<<<<
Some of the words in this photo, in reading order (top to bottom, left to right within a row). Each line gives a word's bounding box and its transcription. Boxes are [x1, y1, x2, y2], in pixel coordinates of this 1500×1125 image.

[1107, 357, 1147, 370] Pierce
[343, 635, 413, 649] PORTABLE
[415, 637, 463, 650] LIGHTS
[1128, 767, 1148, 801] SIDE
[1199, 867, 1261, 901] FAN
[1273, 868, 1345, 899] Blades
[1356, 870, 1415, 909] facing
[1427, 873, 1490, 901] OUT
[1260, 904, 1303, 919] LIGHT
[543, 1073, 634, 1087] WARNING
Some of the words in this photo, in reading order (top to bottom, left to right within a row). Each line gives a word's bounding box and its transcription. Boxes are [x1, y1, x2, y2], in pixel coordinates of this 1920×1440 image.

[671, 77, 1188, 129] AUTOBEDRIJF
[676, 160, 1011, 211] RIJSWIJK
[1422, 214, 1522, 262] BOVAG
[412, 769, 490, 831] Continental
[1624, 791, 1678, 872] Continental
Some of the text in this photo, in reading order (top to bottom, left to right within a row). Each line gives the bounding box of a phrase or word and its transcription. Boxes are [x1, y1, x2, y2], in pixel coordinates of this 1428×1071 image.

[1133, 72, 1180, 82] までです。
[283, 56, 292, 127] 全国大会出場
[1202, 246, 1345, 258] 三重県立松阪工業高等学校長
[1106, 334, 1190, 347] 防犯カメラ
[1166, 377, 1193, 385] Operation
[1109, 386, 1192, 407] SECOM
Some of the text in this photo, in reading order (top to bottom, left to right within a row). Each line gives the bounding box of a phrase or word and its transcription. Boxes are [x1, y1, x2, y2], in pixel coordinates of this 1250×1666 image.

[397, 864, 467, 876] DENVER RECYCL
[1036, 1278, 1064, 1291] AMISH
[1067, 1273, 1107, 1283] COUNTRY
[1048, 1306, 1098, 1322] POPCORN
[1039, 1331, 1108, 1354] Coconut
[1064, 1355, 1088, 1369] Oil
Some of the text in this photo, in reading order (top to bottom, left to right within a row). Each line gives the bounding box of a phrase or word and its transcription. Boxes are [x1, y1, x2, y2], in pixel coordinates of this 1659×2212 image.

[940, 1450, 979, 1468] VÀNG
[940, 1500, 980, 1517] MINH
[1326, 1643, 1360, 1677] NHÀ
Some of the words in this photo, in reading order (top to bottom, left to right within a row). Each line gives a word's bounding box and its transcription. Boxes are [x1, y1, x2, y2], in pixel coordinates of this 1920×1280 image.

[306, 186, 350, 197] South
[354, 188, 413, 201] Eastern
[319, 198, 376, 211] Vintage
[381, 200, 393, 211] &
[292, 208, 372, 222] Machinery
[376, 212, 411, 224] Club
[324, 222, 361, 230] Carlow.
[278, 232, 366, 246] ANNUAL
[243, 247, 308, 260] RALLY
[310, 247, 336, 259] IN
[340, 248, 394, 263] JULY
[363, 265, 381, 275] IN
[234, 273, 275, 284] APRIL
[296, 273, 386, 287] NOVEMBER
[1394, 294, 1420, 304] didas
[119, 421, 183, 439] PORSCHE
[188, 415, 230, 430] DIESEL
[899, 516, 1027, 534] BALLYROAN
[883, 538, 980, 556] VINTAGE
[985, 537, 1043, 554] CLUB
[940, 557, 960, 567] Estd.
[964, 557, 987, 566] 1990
>>>>
TASK DETAILS:
Each line from the line holding "this 1659×2212 image." through the end of the material above is to be printed exactly, both ends included, and no other line is to appear.

TASK SOLUTION:
Some of the text in this photo, in reading order (top to bottom, left to right within a row). Each line gives the bounding box of a phrase or word and its transcription. Boxes are [x1, y1, x2, y2], in pixel coordinates of this 1659×2212 image.

[940, 1450, 979, 1468] VÀNG
[940, 1500, 980, 1517] MINH
[1326, 1643, 1360, 1677] NHÀ
Some of the words in this photo, in reading order (top to bottom, left to right within a row). Each line gives a word's bounding box and its transcription. Boxes are [x1, y1, x2, y2], in pixel coordinates of this 1920×1280 image.

[306, 186, 350, 197] South
[354, 188, 413, 201] Eastern
[319, 198, 376, 211] Vintage
[381, 200, 393, 211] &
[292, 208, 372, 222] Machinery
[376, 212, 411, 224] Club
[324, 222, 361, 230] Carlow.
[278, 232, 366, 246] ANNUAL
[243, 247, 308, 260] RALLY
[310, 247, 336, 259] IN
[340, 248, 394, 263] JULY
[363, 265, 381, 275] IN
[234, 273, 275, 284] APRIL
[296, 273, 386, 287] NOVEMBER
[1394, 294, 1420, 304] didas
[119, 421, 183, 439] PORSCHE
[188, 415, 230, 430] DIESEL
[899, 516, 1027, 534] BALLYROAN
[883, 538, 980, 556] VINTAGE
[985, 537, 1043, 554] CLUB
[940, 557, 960, 567] Estd.
[964, 557, 987, 566] 1990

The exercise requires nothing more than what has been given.